The case will return to the Employment Tribunal for a further hearing later in the year which will determine, amongst other things, the appropriate reference period to be used in the calculation of holiday pay. This will be of important practical application for employers as the correct reference period to get to the calculation is still not clear.
Mr Lock brought an unlawful deduction from wages claim for failure to take his commission into account when calculating holiday pay. When he took holiday Lock received basic pay on days he took holiday together with commission earned from previous weeks. However, he could not earn commission whilst on holiday because he wasn’t working which impacted on his pay at a later date and meant he suffered an overall reduction in pay as a result of taking holiday.
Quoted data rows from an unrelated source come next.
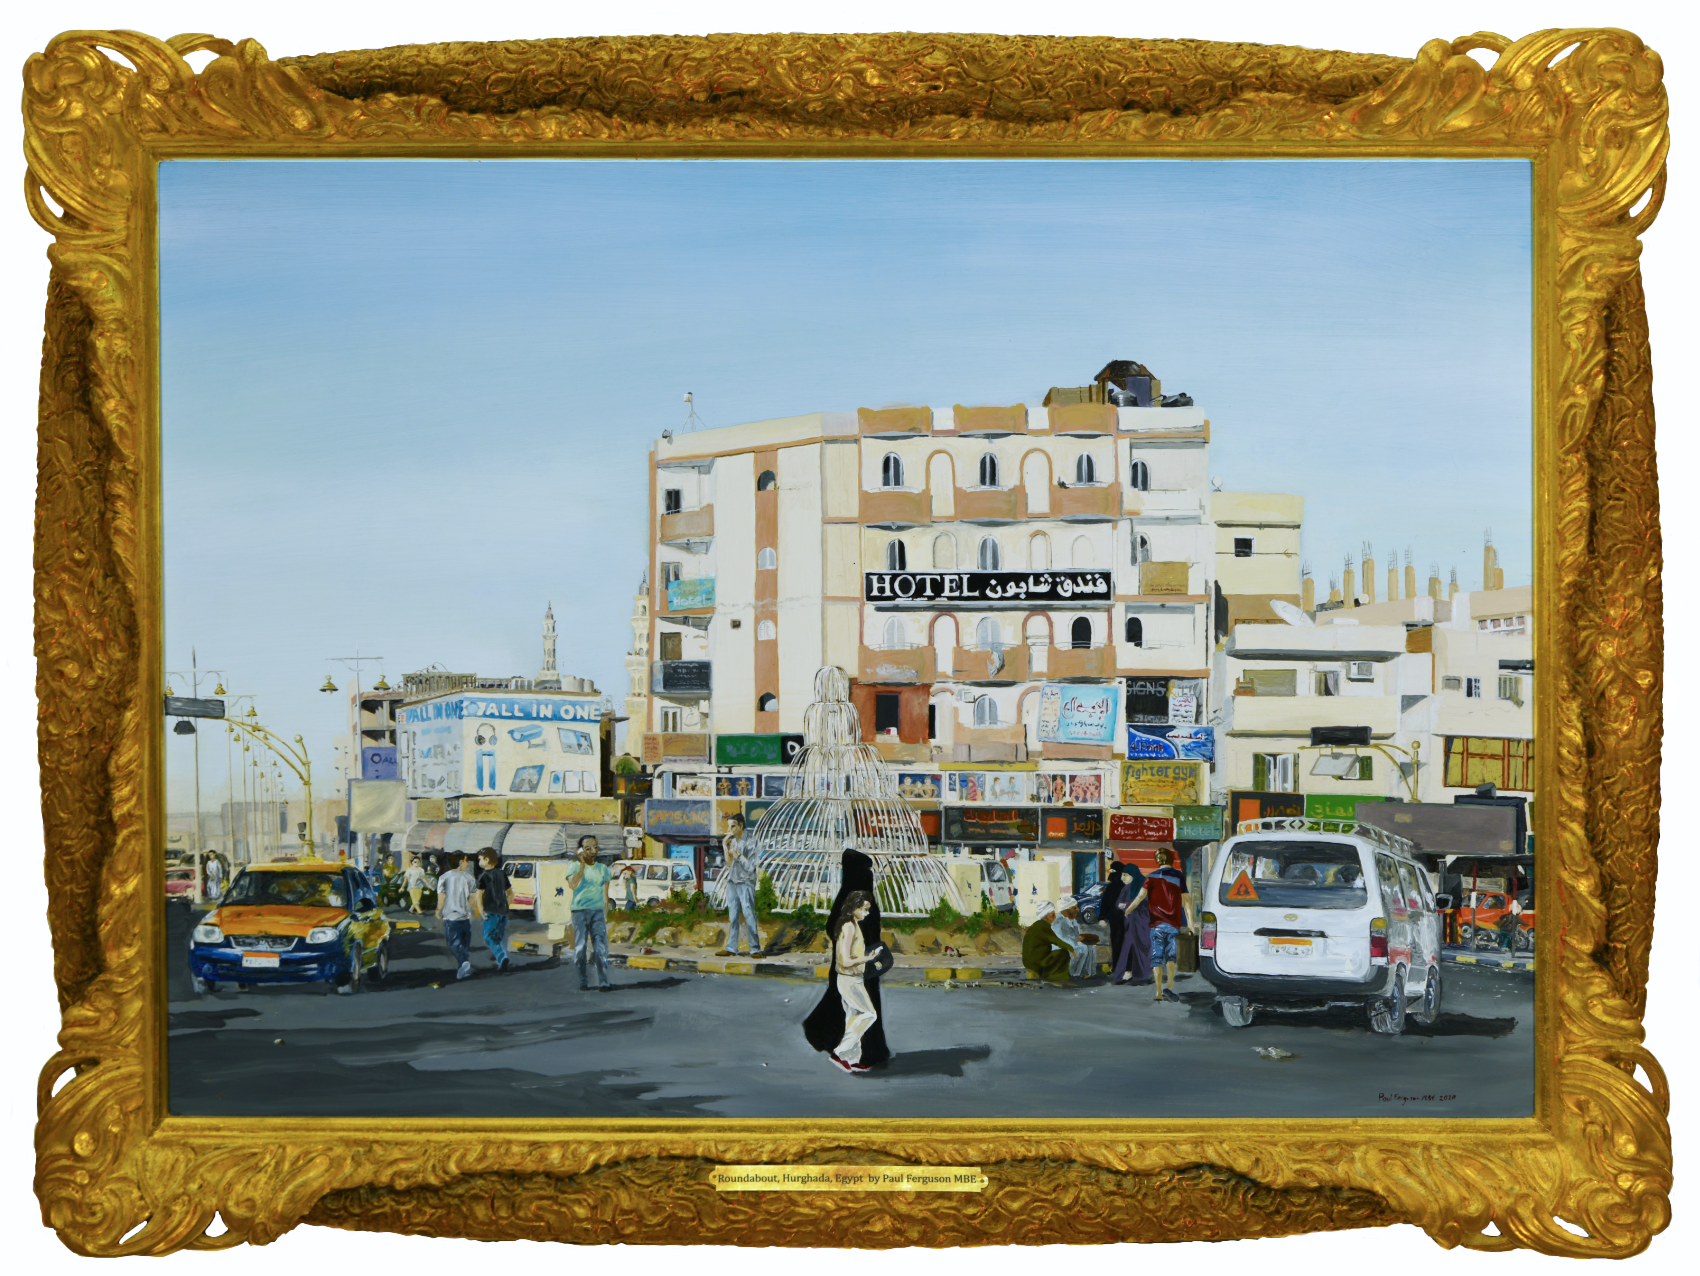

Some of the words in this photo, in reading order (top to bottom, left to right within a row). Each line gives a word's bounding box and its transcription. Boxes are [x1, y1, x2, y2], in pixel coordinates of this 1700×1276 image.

[869, 574, 979, 598] HOTEL
[985, 573, 1052, 599] شابون
[1056, 573, 1108, 598] فندق
[673, 594, 706, 607] Hotel
[485, 703, 525, 718] ALL
[531, 704, 553, 718] IN
[560, 704, 600, 721] ONE
[1125, 764, 1171, 782] fighter
[648, 810, 710, 826] SAMSUNG
[718, 1173, 780, 1184] Roundabout,
[782, 1173, 833, 1185] Hurghada,
[835, 1174, 863, 1185] Egypt
[868, 1174, 880, 1185] by
[882, 1174, 904, 1183] Paul
[906, 1174, 951, 1185] Ferguson
[954, 1174, 977, 1184] MBE
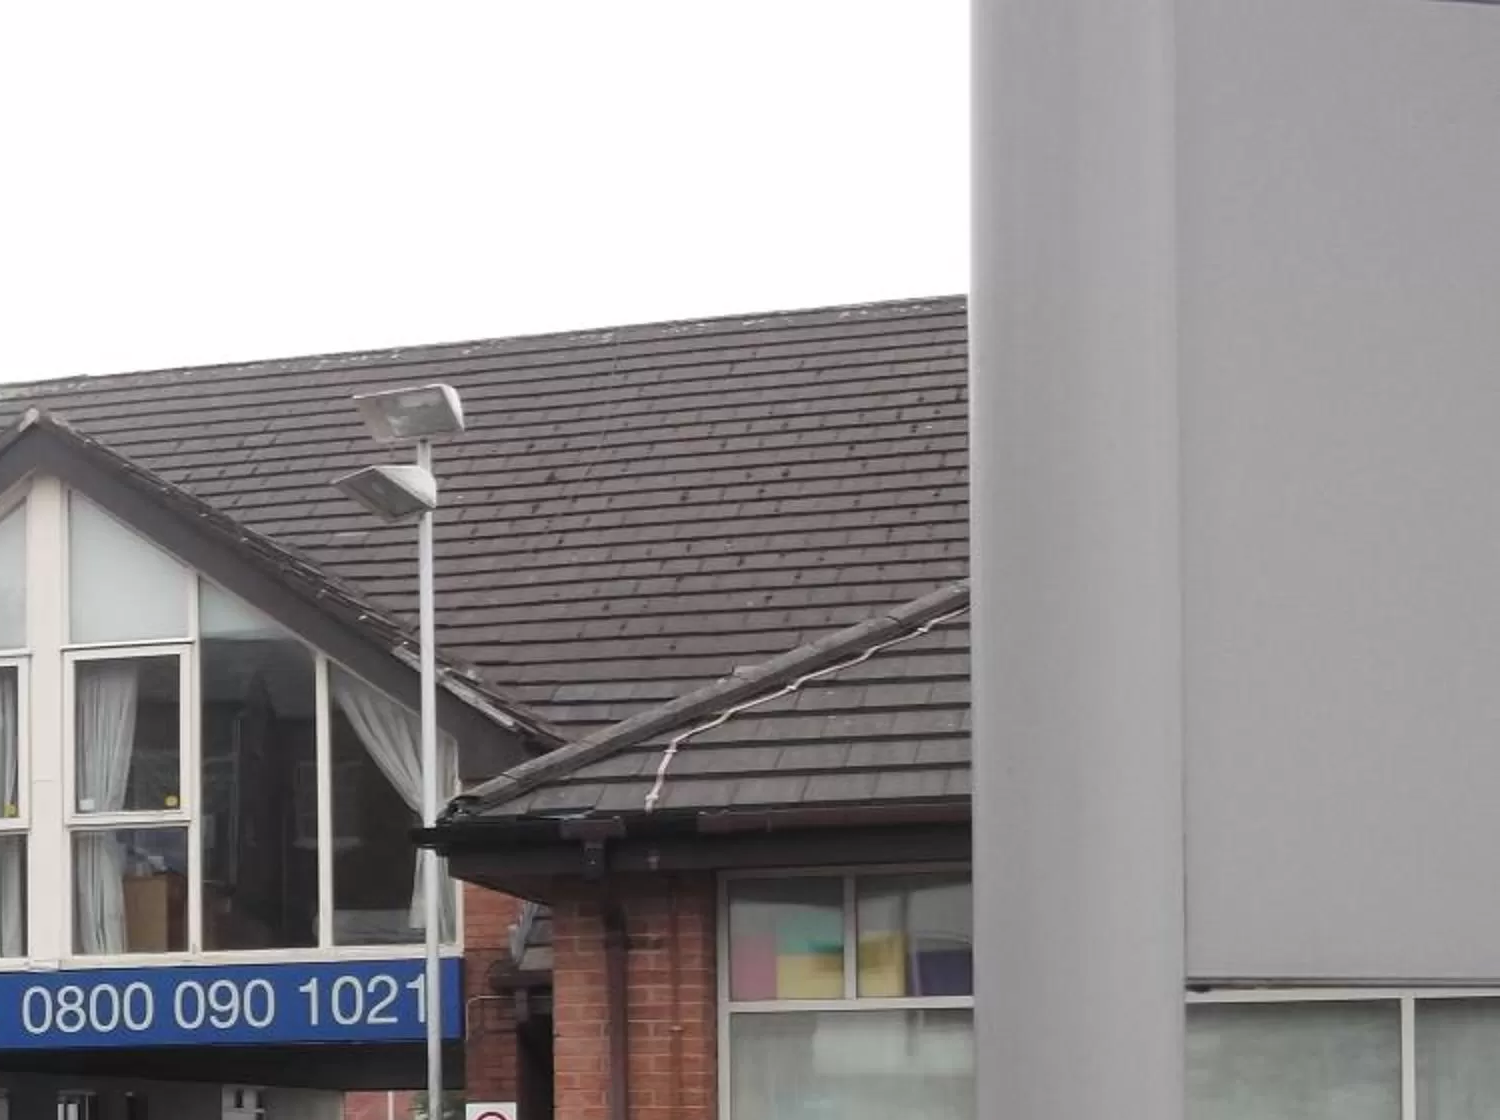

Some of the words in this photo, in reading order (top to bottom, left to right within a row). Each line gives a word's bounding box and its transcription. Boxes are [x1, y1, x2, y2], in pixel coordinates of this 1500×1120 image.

Lock’s case was referred to the European Court of Justice (ECJ) which decided that commission payments should be taken into account when calculating pay for the four weeks’ annual leave under the Working Time Directive (WTR). The case was referred back to the Tribunal which decided it could overcome the present incompatibility between EU and UK law by adding wording into the WTR which provides for commission (if part of normal remuneration) to be included in holiday pay calculations.
What does this mean for employers? The Tribunal’s decision does not come as a surprise and confirms that employers must include incorporate commission payments in the calculation of holiday pay. Of comfort to employers is that from 1 July 2015 a two year cap on backdated claims will take effect.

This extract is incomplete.